A power of attorney allows you to put someone in charge to manage your financial affairs if you are unable to do so. It will cover all assets that are not in your living trust and it often allows your agents to handle other day-to-day issues you may have (e.g., paying bills, dealing with credit card fraud, etc.).
You do want to ensure that the power of attorney is “durable,” which means that it continues even if you become incapacitated (some older forms have expiration dates or expire upon your incapacity). Additionally, you will need to decide if your power of attorney should be immediate, meaning that your agent can act for you the moment you sign it, or if it should be springing. A springing power of attorney only becomes effective when your agent gets doctors’ letters stating you are unable to manage your finances.
An advance health care directive allows you to name someone to be in charge of your medical decisions and decisions about the disposition of your remains. In a health care directive you typically indicate whether or not you wish to remain on life support indefinitely, or allow your agent to take you off if you are not going to get better. It will also allow you to state your wishes with regard to cremation or burial.
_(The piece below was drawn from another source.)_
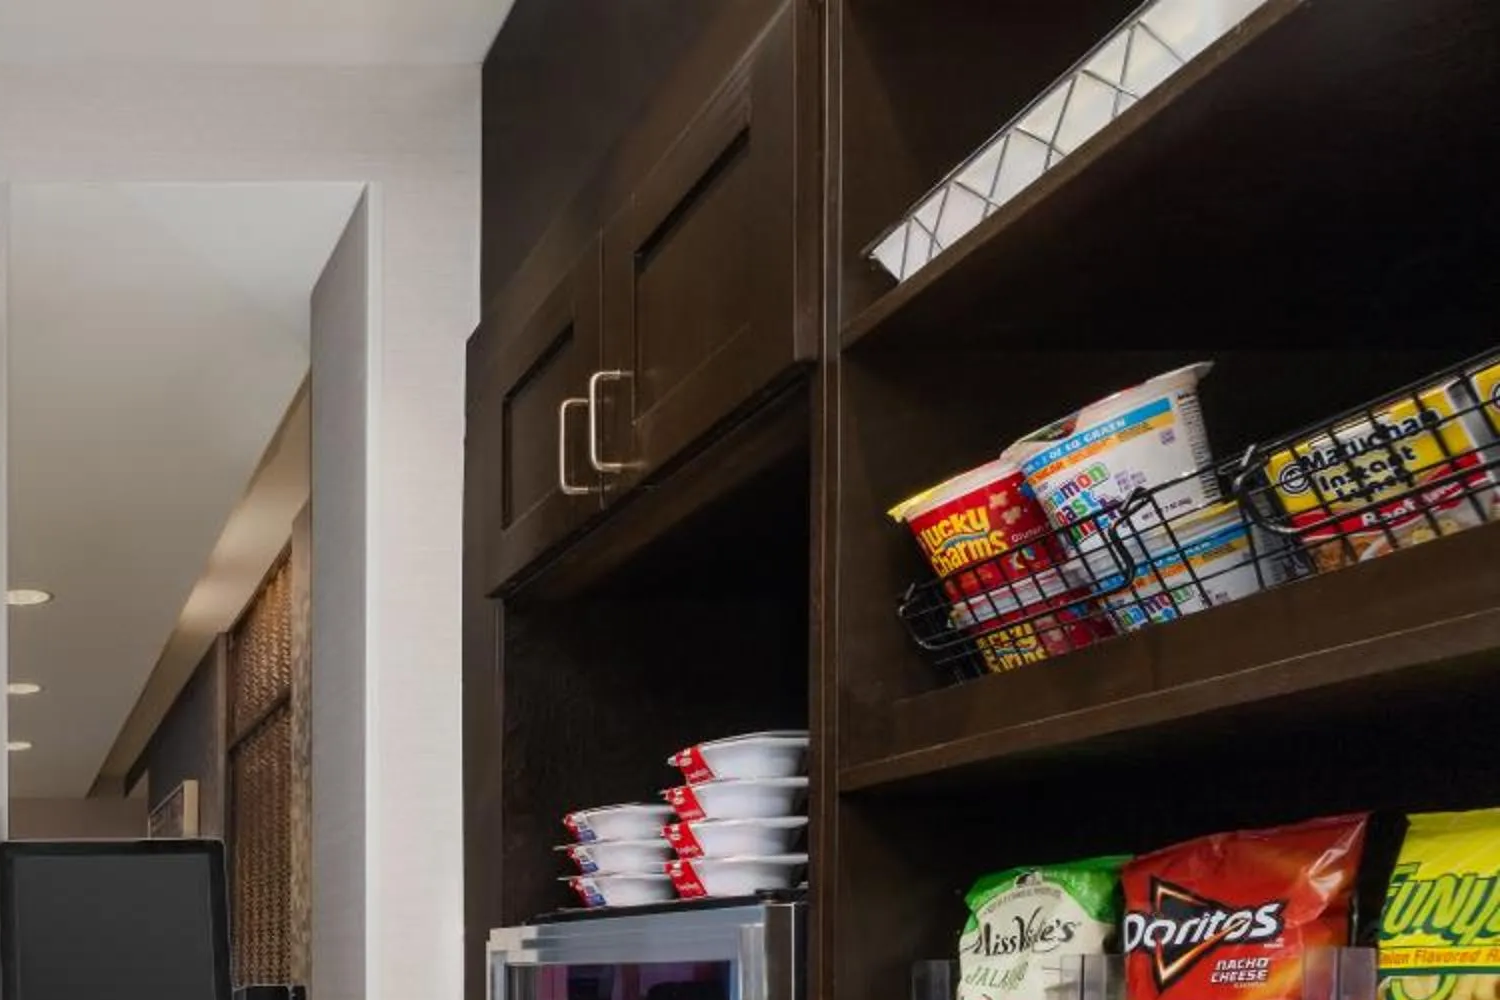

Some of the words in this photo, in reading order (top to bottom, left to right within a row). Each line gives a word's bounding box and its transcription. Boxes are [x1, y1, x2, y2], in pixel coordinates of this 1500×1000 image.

Often there will also be a section about whether or not you want to be an organ donor.
A HIPAA release allows you to give your consent to allow your health care agent to access your medical records if necessary.
Preparing a health care directive not only avoids a conservatorship process (a court process to appoint an agent for an incapacitated person), but it can make an extremely difficult time for your family easier because they know and understand your wishes.